It tastes like nothing

That’s all it needs to be

Erode

Allow yourself to become nobody

Fork in the road

Detoxify myself like I’m not eating

I didn’t even tell you I was leaving

Ran out of time to grieve

I can sing your song in my sleep

Your morphing mirror image

Infected lineage

Dead body in a trophy case

Feel my warmth in the empty space

 

555

I’ve been so intertwined in darkness I couldn’t see the apathy. I’m wiping the dust from my eyes. Each movement is a fight for life. I’m taking off with nowhere to go. A catalyst ignites a match in my soul and that’s all I’ve got. It’s sink or swim. I embody the strength to embark somewhere I’ve never been. I’m not scared that I’ve lost my way. I will be the fool — not for you but for myself. Because I’ve saved myself and I will save myself, over and over again. I’m not scared to be swept away for the sake of movement. I am a fantasy I was made to experience.  Every new beginning is an adventure we are stumbling towards. I see the multifaceted story of  my life through crystal eyes; a kaleidoscopic array of possibilities.

My body is electrified; compelled by the search for mystery. There was an element of unreality that science wanted to explain but I could feel it in my soul. Creation is about becoming what you are. Intuitively shape shift what isn’t expressed into what you can feel. It’s all up from here and I will cycle forward without any ground to give me traction. I will push air as I dive into synchronicity.

Powerful waters soft like silk collide with my being. I’ll swim in the ocean of your mind until my breathe evaporates. We will emerge as a light you catch in the corner of your eye; something that is new and refreshing. We shift perspectives together. I change my depth perception until you’re all I see; the world is a blur of bokeh entities. The light dances for us.

I can feel an uprising. My mind is on fire and I hold a loving rage in my throat. I’ll let myself fall into faith if that’s what my heart demands of me. I can’t be blinded by the search for an end goal. A flashlight in my face can illuminate the moon but the light can be blinding too. I’ve learned to love the way the darkness enriches the color of the night.

I am learning to enjoy the empty space. I will allow myself to erase all that I am leaving behind. I am drawing my own map. I will paint the future into existence. I never thought I’d let anyone inside. I can’t teach you how to read the signs but they’re for you– they’ve always been for you.

I look at you with concrete eyes. Would you wander for a while and forget the sound of time? If anything is real I know it’s that feeling of purity that only exists in the moment. The waves that don’t burn but slide– there’s no way we can fight it. I’ll let it happen.
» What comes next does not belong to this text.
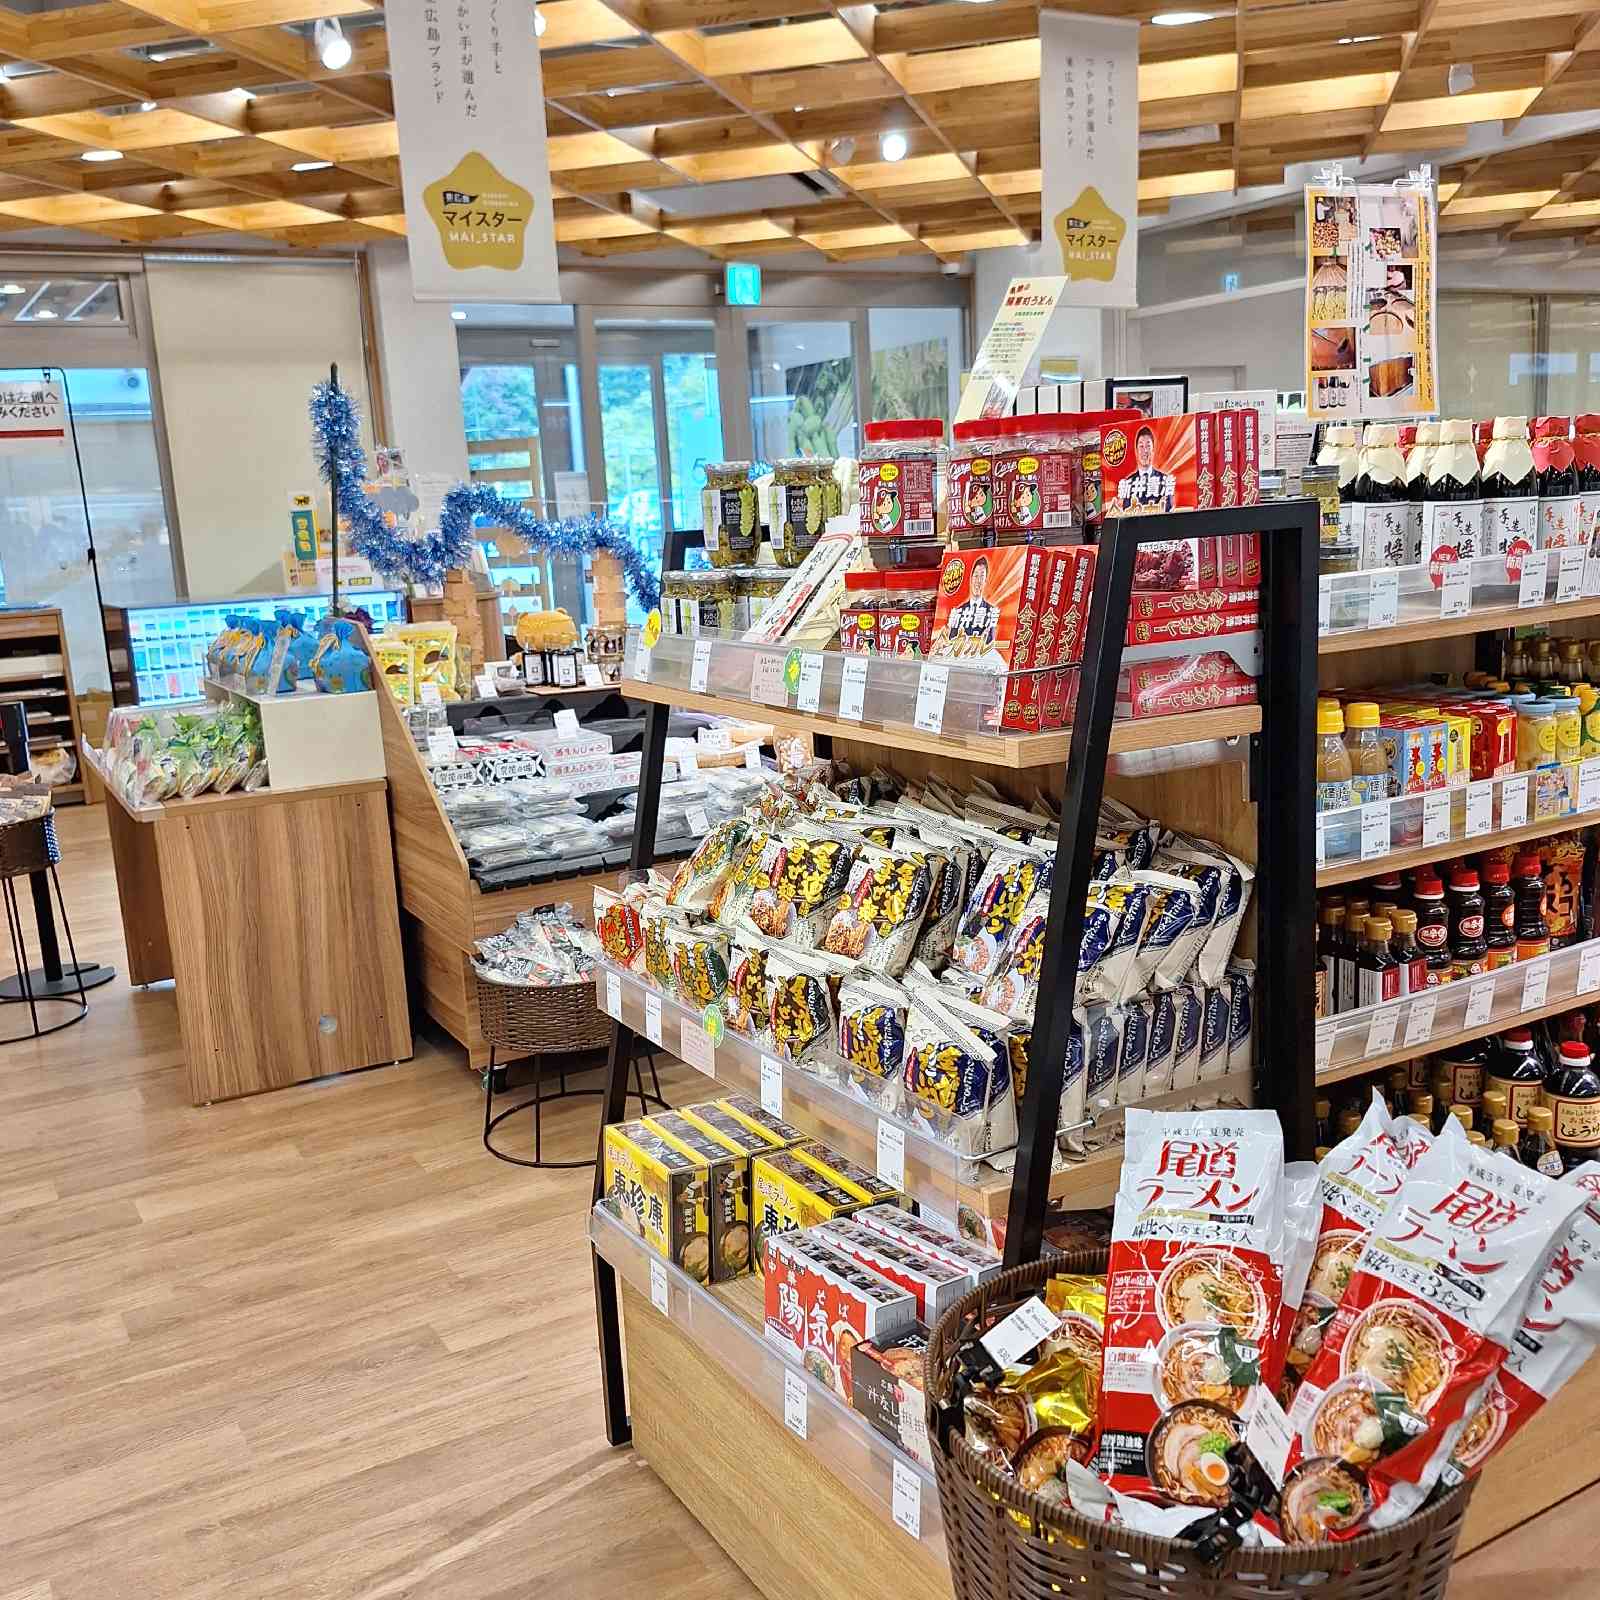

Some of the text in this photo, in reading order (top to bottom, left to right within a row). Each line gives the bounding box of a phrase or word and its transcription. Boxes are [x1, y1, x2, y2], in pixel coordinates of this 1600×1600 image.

I am a world that I actively explore. I could be lost for days on a detail. I feel the texture of my own skin and I will protect her. I will protect what is sacred within the underlying softness of my essence. I am my own savior, my own god, my everything, and the embodiment of nothing. I’ve been broken down to nobody and she will always be there to remind me that I can fall and it’s okay.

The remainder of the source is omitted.